Following a change of government, Trinidad and Tobago is attempting to renege on a 150M pound (US$237.8 M) contract for the purchase of three 90Meter (297ft) Offshore Patrol Vessels built by BAE in Britain. The contract included training the crews and five years of support. Two of the three ships have already completed sea trials and the third has been launched.
Some additional information on the contract, released upon completion of the sea trials of the second ship, is here.
Photos of the second ship are here (I think the speed quoted here is a mistake) and a nice video here:
At 150M UK pounds for three ships, that is less than $80M/ship, compared to over $600M per National Security Cutter and over $40M each for the much smaller Fast Response Cutter.
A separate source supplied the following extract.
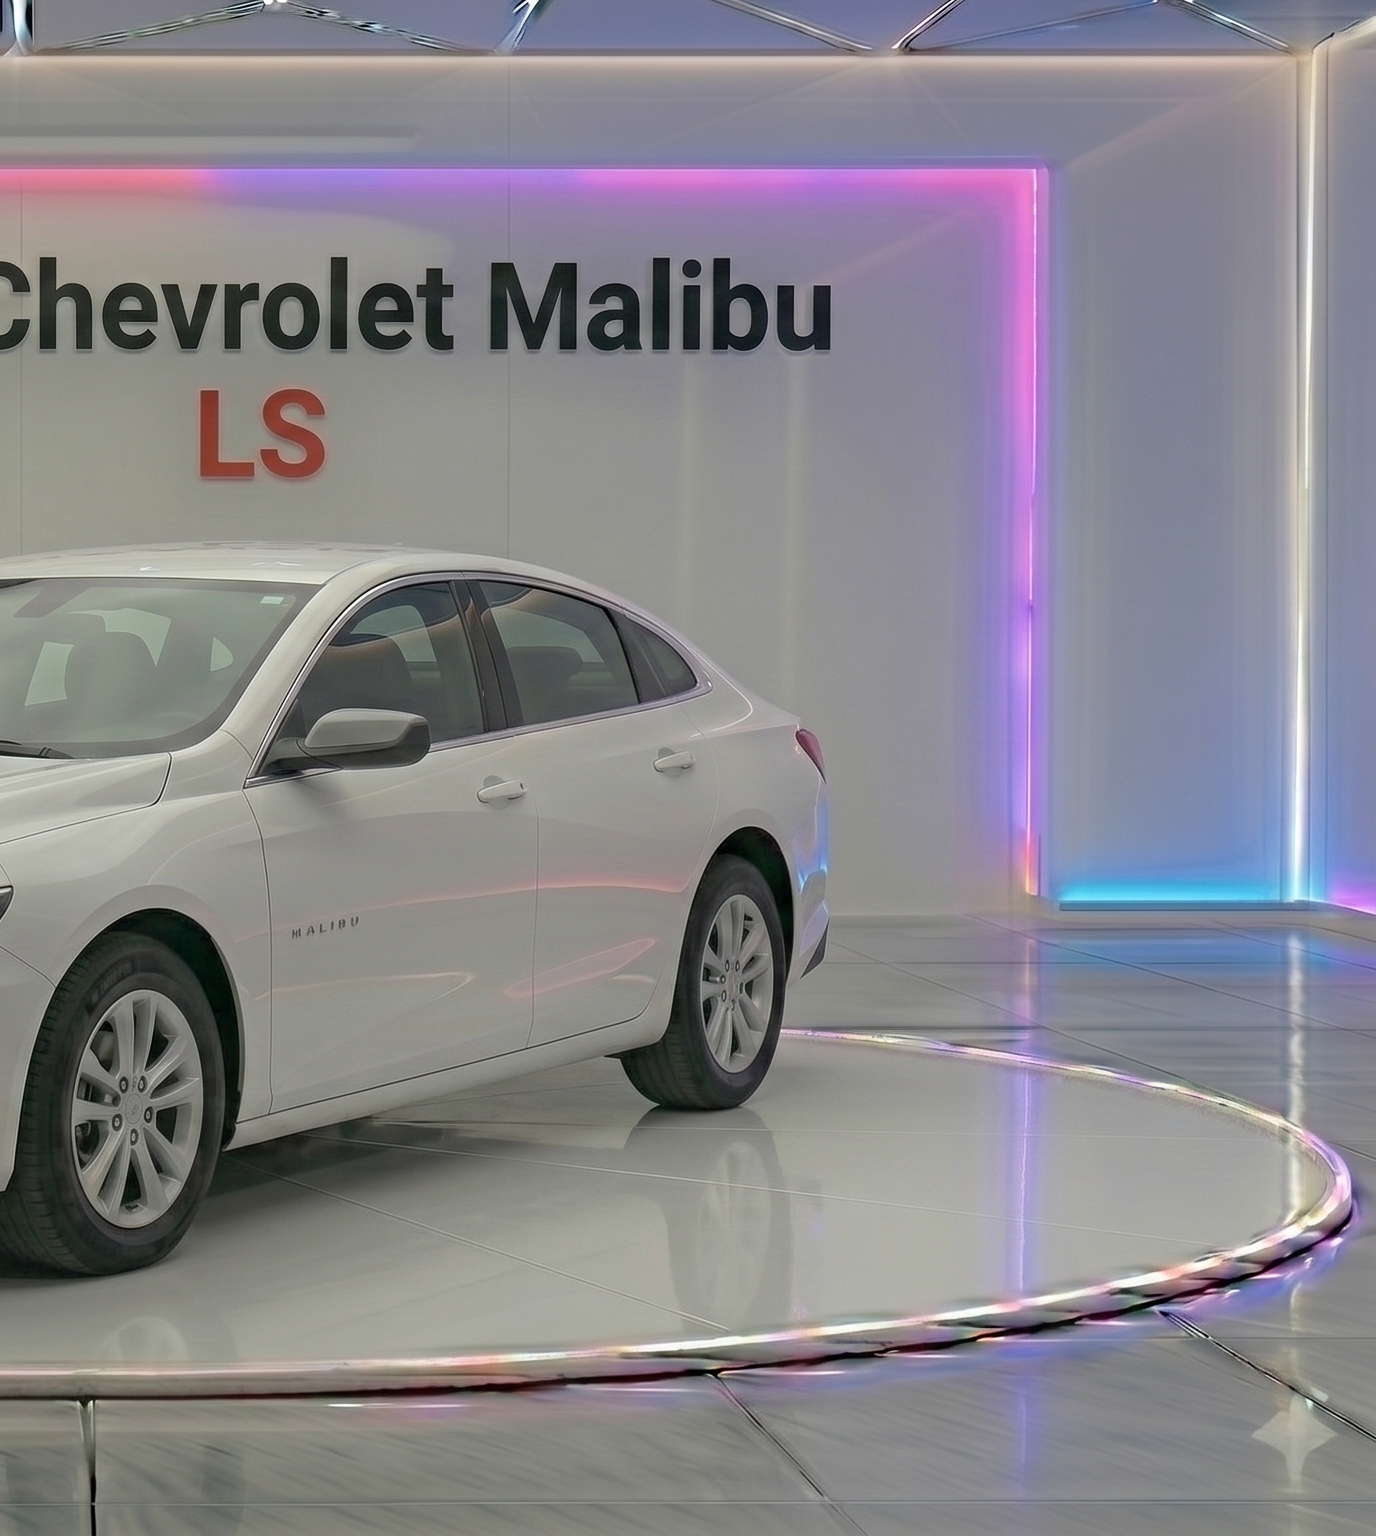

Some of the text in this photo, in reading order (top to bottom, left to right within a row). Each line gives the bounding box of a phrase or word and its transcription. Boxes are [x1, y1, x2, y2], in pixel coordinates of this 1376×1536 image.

We are looking at a severe shortage of ships. The 210s will be about 54 years old before they are replaced. Maybe we ought to at least consider taking over the contract. We might even get them at a reduced price. They may not exactly fit the description of a OPC but they are very close and they compare favorably with our existing MECs. 2,000 tons, 25 knots, 5,500 NMi Range, helo deck (but no hanger), three auto cannon, two RHIBs and a crew of only 60.
If we don’t want to keep them permanently, we could use them only until the OPC project is complete and then sell them, but that is still probably at least 15 years away.